N.B. The rate of drying can be increased by application of a vacuum to
the surface of the oil!
64. Method #2 :- Short – Circuited Windings: Vacuum (Most Rapid
Method)
Requirements:
- Power source to drive current thru transformer
coil/winding → heating source [winding temperature <
95oC
- Vacuum Pump
- Refrigerated condenser trap in vacuum line.(this serves
to collect/condensed extracted moisture)
- Blanket the outside of transformer tank so as to
minimise heat loss.
65. Procedure:-
- Transformer filled with oil above core and coil
allowing room for expansion.
- Vacuum pump connected to suitable valve at top
of tank.
- With one winding s/c, connect supply to other.
Circulate current up to FLC. [Winding temperature not
to exceed 95oC]
- For forced cooled transformer, oil pumps should
be operating → however, radiators should be off.
66. Procedure:-(cont’d)
- After desired temperatures reached, disconnect supply
and drain oil.
- Start vacuum pump and continue until water extraction
ceases.
- Repeat procedure if necessary to achieve desired
dryness.
N.B.
Water extraction will stop WHEN the V.P. of water in the
insulation equals the partial pressure of water vapour in the
tank at the prevailing temperature and pressure.
67. Method #3 :- Using High Vacuum (Specially suited for EHV T/F)
Requirements:
- Vacuum pump capable of vacuum of <7 Pa absolute.
- Cold trap to collect moisture.
- Possibly additional heat may be required.
- Transformer must be designed to withstand full
vacuum.
68. Procedure:-
- Drain oil while at same time fill with nitrogen (dry)

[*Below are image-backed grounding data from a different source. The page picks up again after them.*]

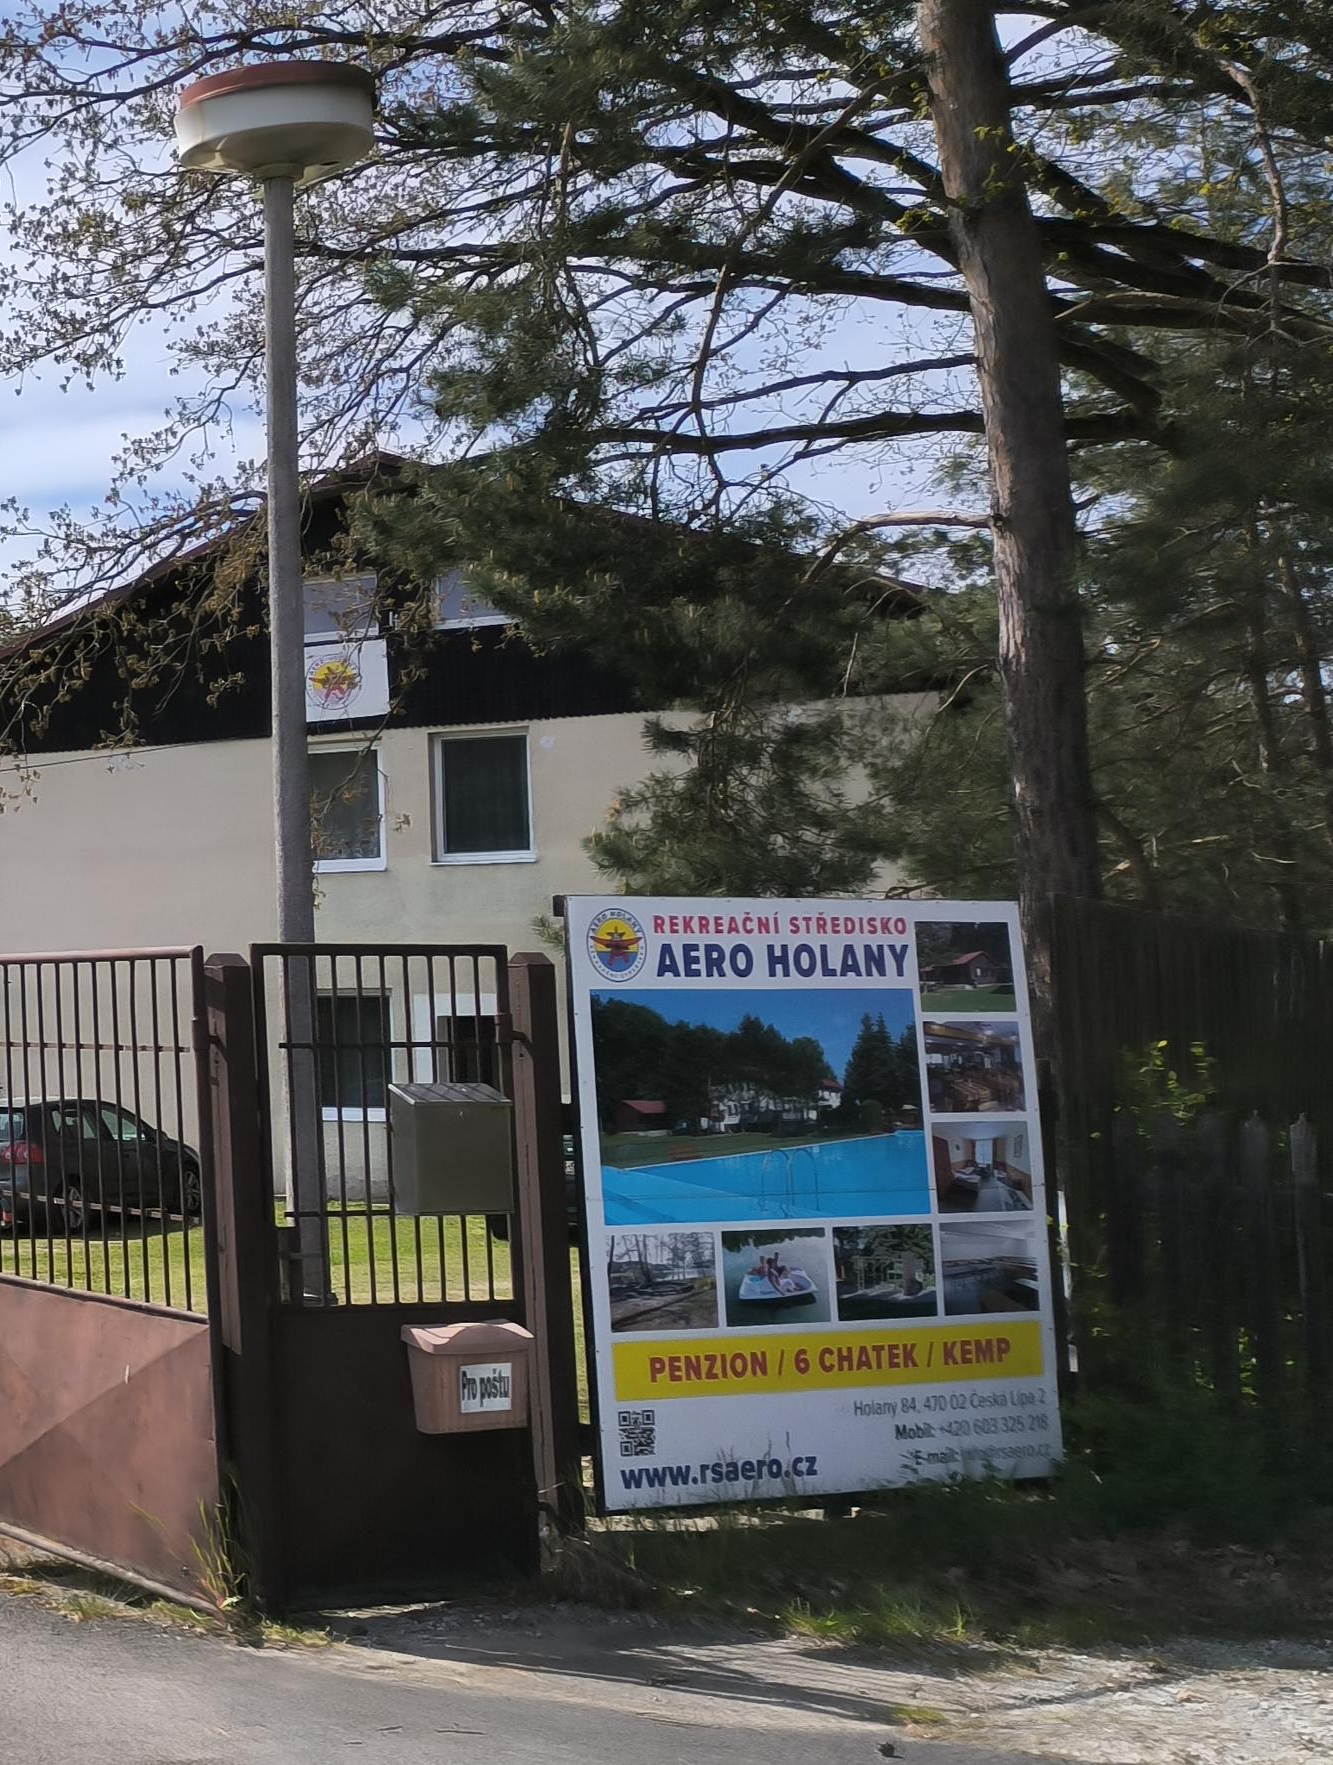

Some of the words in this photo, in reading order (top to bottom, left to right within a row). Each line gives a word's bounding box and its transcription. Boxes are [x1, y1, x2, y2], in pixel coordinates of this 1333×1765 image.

[653, 911, 780, 935] REKREAČNÍ
[789, 912, 908, 936] STŘEDISKO
[657, 943, 754, 978] AERO
[767, 943, 909, 978] HOLANY
[649, 1351, 767, 1382] PENZION
[794, 1348, 810, 1374] 6
[819, 1343, 917, 1373] CHATEK
[943, 1337, 1011, 1366] KEMP
[461, 1370, 478, 1401] Pro
[479, 1367, 510, 1407] poštu
[854, 1400, 897, 1417] Holany
[901, 1396, 921, 1414] 84,
[924, 1395, 947, 1411] 470
[950, 1393, 967, 1409] 02
[1038, 1387, 1046, 1404] 2
[1000, 1415, 1025, 1433] 325
[620, 1454, 818, 1490] www.rsaero.cz

- Remove heat exchangers and external pipe connections
- Install cold trap as close to the transformer as possible
- Seal transformer and pressure test for leaks
N.B.
Water extraction from the facilities start when the
residual vapour pressure in tank is less than v.p. of
water insulation.
- Vacuum maintained in the order of 1mm Hg (130 pa)
- End point is when the rate of water condensate in the
cold trap is less than 3g/hr per 1000kg of insulation wt.

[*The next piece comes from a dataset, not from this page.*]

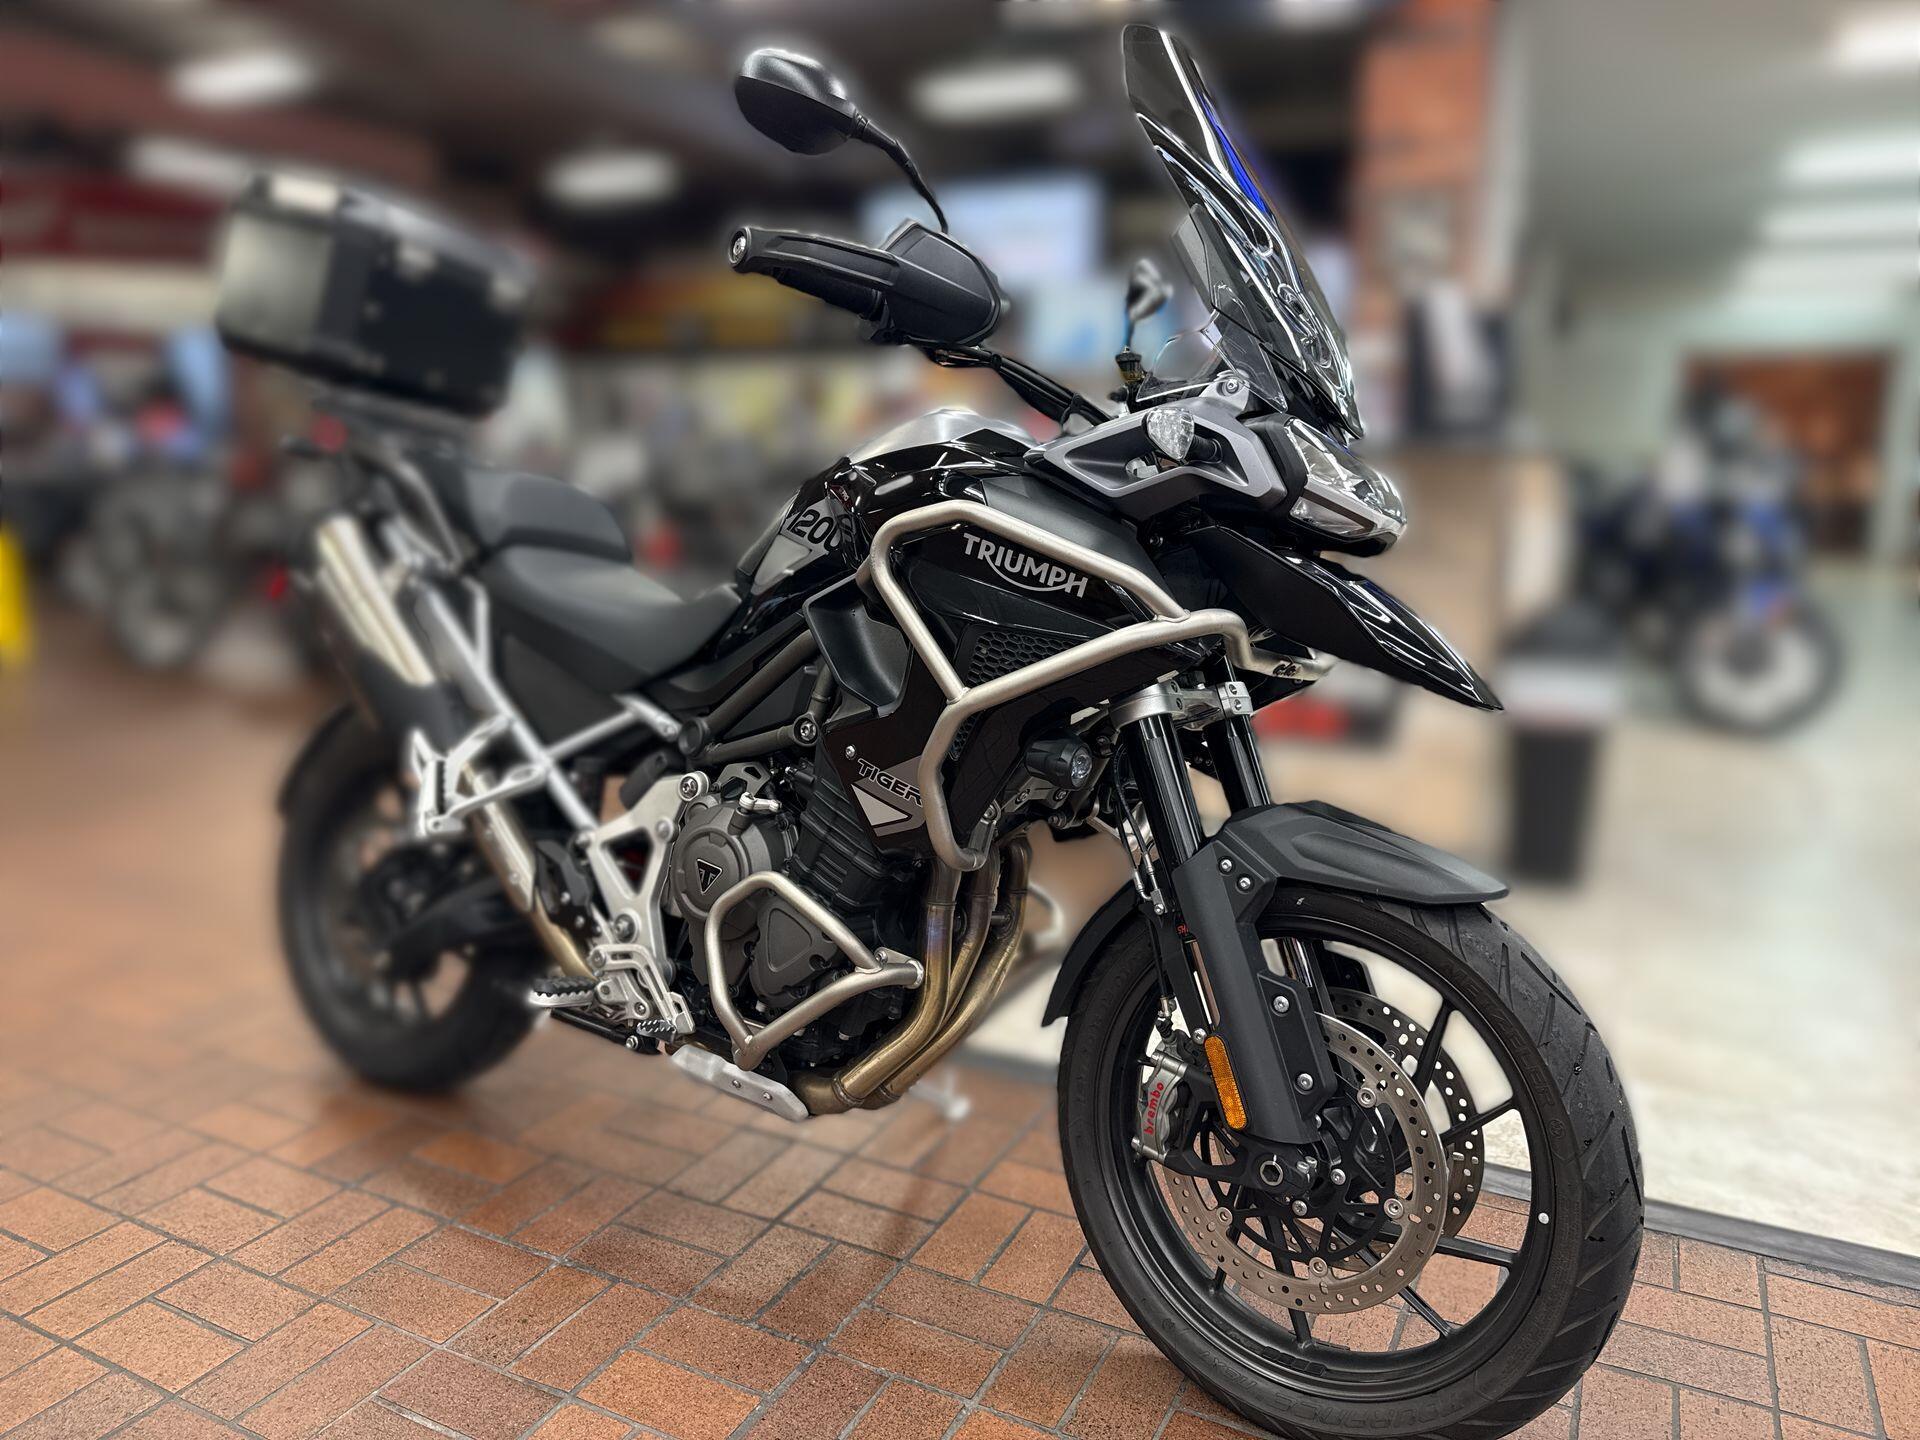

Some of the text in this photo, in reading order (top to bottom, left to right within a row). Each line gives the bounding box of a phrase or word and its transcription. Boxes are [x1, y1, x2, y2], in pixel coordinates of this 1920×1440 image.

[963, 532, 1089, 599] TRIUMPH
[857, 757, 924, 808] TIGER
[1143, 1081, 1165, 1137] brembo

69. Method #4: -Using Hot Air (Hazardous)
Tank should first be blanketed in order to minimize heat required (loss)
Procedure:-
Volume of Hot Air Required
Area of Base (m2) 2.8 5.6 11.6 14.0
Volume of Air (m3/min) 28 56 114 140
_______________________________________________________________
i.e → Volume Required (m3/min) = 10 (Area of tank base m3)

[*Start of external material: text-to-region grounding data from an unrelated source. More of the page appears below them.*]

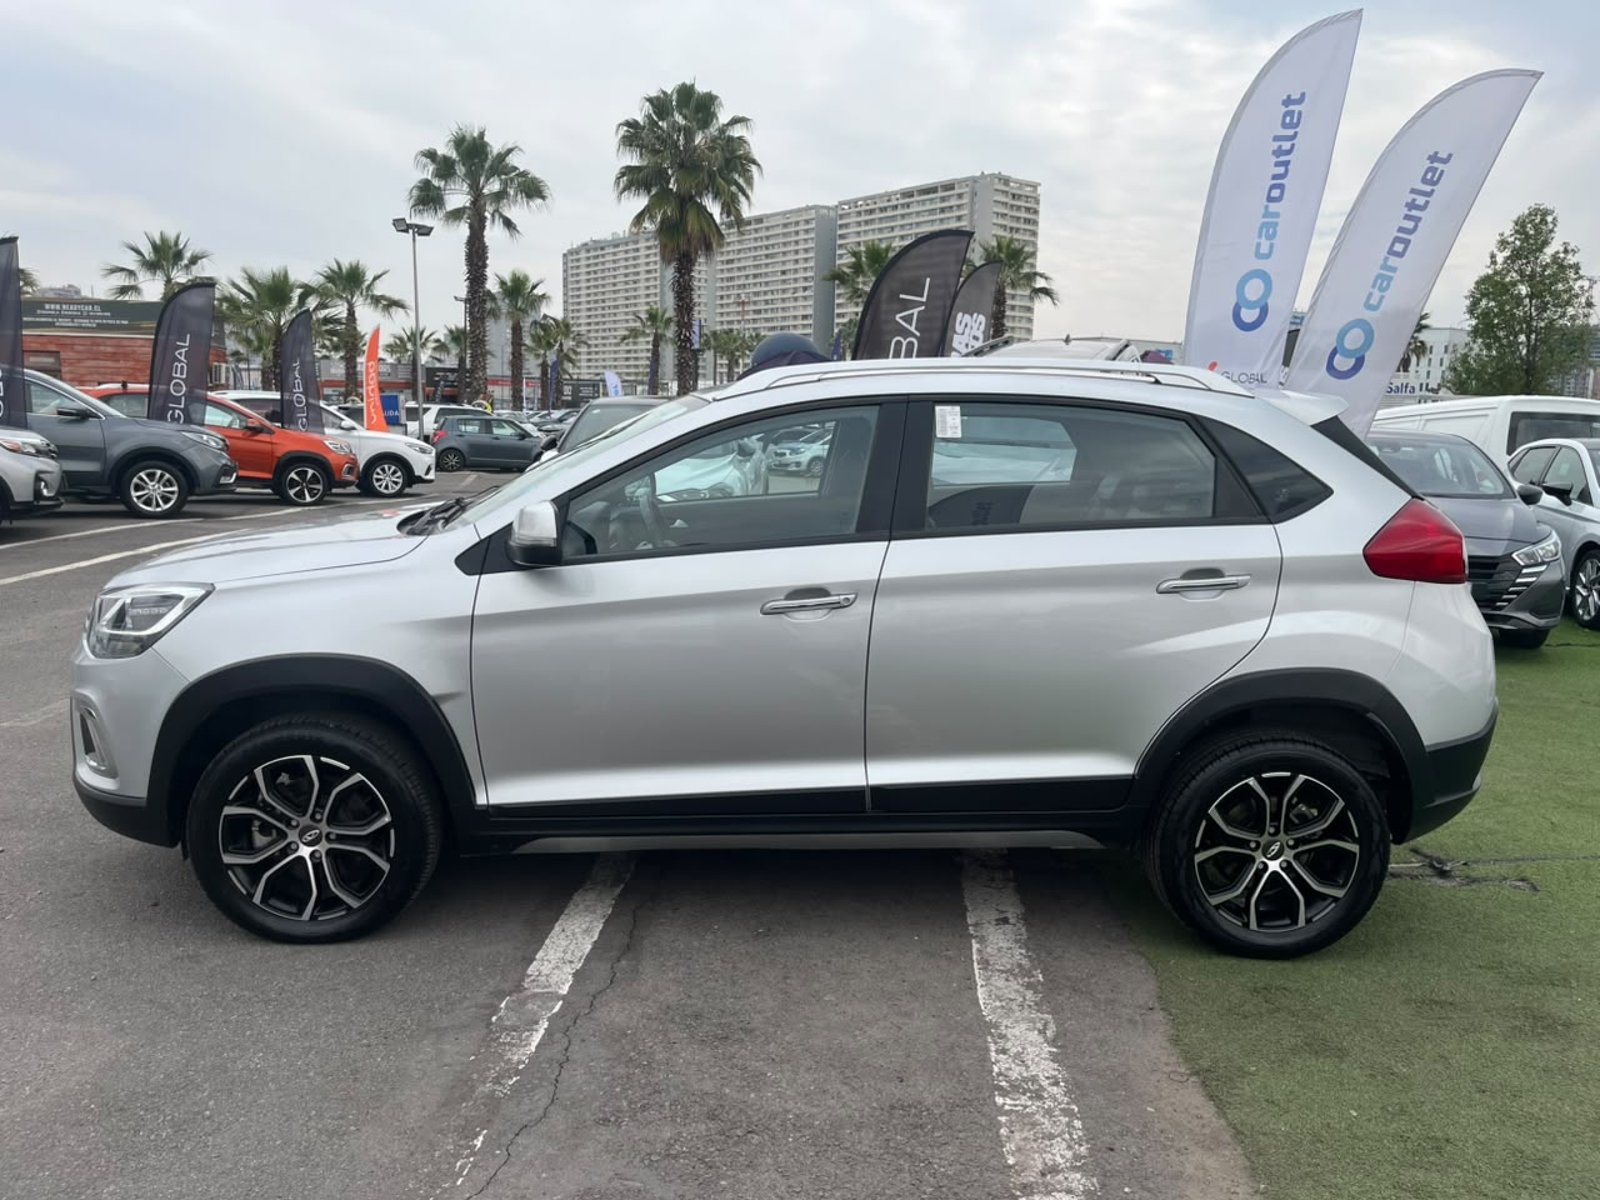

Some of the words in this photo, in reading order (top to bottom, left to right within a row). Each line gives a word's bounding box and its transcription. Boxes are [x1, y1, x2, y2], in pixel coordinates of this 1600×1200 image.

[1254, 91, 1306, 261] caroutlet
[1363, 150, 1453, 313] caroutlet
[167, 333, 190, 424] GLOBAL
[292, 358, 308, 431] GLOBAL
[1386, 382, 1416, 394] Salfa

___________________________________________________________
- Clean dry hot air is blown through air opening at
base of tank, over coils exiting at top.
- Temperature of inlet and outlet streams noted
(Temperature of inlet should be ≃ 100oC)
Note: Fire hazard as flash point for transformer oil is 145oC.
70. Variation of winding (R & p.f.) with drying time (t)
N.B.: As soon as the transformer is considered dry, it should
be immediately filled with oil to cover the core and
windings
71. Vacuum Treatment prior to oil filling
Principal function of vacuum treatment is to remove trapped
air/moisture from the insulation so that the insulation can achieve
full dielectric strength.
For V ≤ 345 kv → Vacuum used ≈ 5mmHg
V > 345 kv → Vacuum used ≃ 1mmHg
Vacuum should be held for 4 hours or more as per manufacturers
instruction.
72. PRE-ENERGIZATION TESTING:-
- Insulation resistance tests (megger)
- Power factor test → windings, bushings
- Ratio test
- Operation of attached auxiliary parts and sensors
- Dielectric strength, power factor of oil
- O2 content and total combustible gas content of
Nitrogen Gas Cushion
After energizing, the transformer should “soak” unloaded for 8 hours.
73. TESTING (BS 171)
Routine Test → All transformers are subjected to these:
- Voltage Ratio and polarity
- Winding resistance
- Impedance voltage, s/c impedance and load test
- Dielectric tests
- No-load losses
- On-load tap changer where installed.
74. TYPE TESTS
Test made on one transformer is representative of all.
- Temperature-rise test
- Lightning Impulse test
75. SPECIAL TESTS
As agreed between vendor and purchaser
- Dielectric test
- Zero sequence Impedance (3-phase t/f only)
- s/c test
- Acoustic sound level
- Magnetizing on no load
- Power taken by auxiliaries ( fans, pumps etc.)